The quadratic trinomials \(f (x)\) and \(g (x)\) are such that \(f' (x) g' (x) \geq | f (x) | + | g (x) |\) for all real \(x\). Prove that the product \(f (x) g (x)\) is equal to the square of some trinomial.
A block of cheese comes in packaging with parallel lines of different colours printed on it. If you cut along the red lines then you will get 5 slices of cheese, if you cut along the yellow lines then there will be 7 slices, and along the green lines you will get 11 slices. How many slices will you get if you cut along the lines of all three colours?
In the \(4 \times 4\) square, the cells in the left half are painted black, and the rest – in white. In one go, it is allowed to repaint all cells inside any rectangle in the opposite colour. How, in three goes, can one repaint the cells to get the board to look like a chessboard?
The product of two natural numbers, each of which is not divisible by 10, is equal to 1000. Find the sum of these two numbers.
An old analogue clock speeds up by 9 minutes after 24 hours. If you went to sleep at 22:00 and set the correct time on the clock, then for what time should the alarm be set if you want it to go off at exactly 6:00? Explain your answer.
A digital clock shows the time in hours and minutes (for example, 16:15). While practising his counting, Pinocchio finds the sum of all the numbers on this clock (for example, \(1+6+1+5=13\)).

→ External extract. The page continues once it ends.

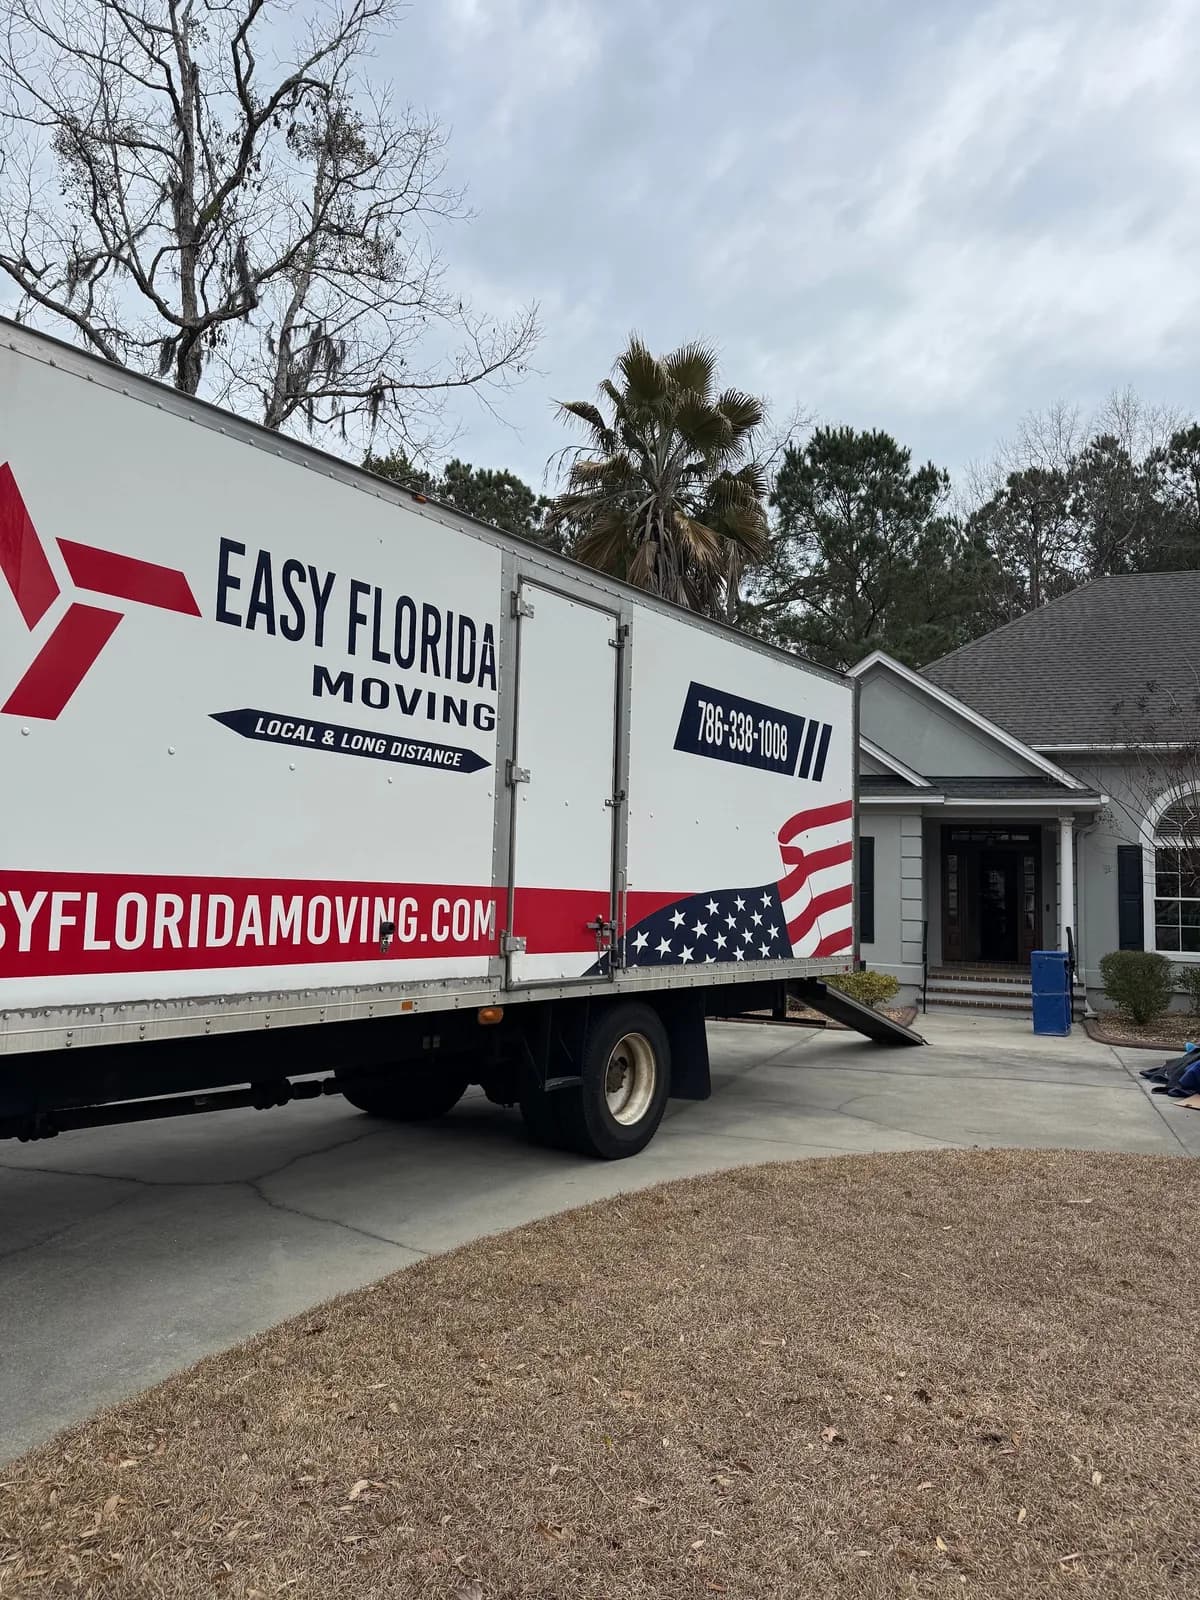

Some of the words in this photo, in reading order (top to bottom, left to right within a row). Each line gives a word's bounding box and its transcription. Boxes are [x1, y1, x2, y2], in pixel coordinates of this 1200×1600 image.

Find the time at which the sum of these numbers will be at its maximum.
Prove that if the numbers \(x, y, z\) satisfy the following system of equations for some values of \(p\) and \(q\): \[\begin{aligned} y &= x^2 + px + q,\\ z &= y^2 + py + q,\\ x &= z^2 + pz + q, \end{aligned}\] then the inequality \(x^2y + y^2z + z^2x \geq x^2z + y^2x + z^2y\) is satisfied.
Find \(x^3 +y^3\) if \(x+y=5\) and \(x+y+x^2 y +xy^2 =24\).
On the \(xy\)-plane shown below is the graph of the function \(y=ax^2 +c\). At which points does the graph of the function \(y=cx+a\) intersect the \(x\) and \(y\) axes?
Find the largest natural number \(n\) which satisfies \(n^{200} <5^{300}\).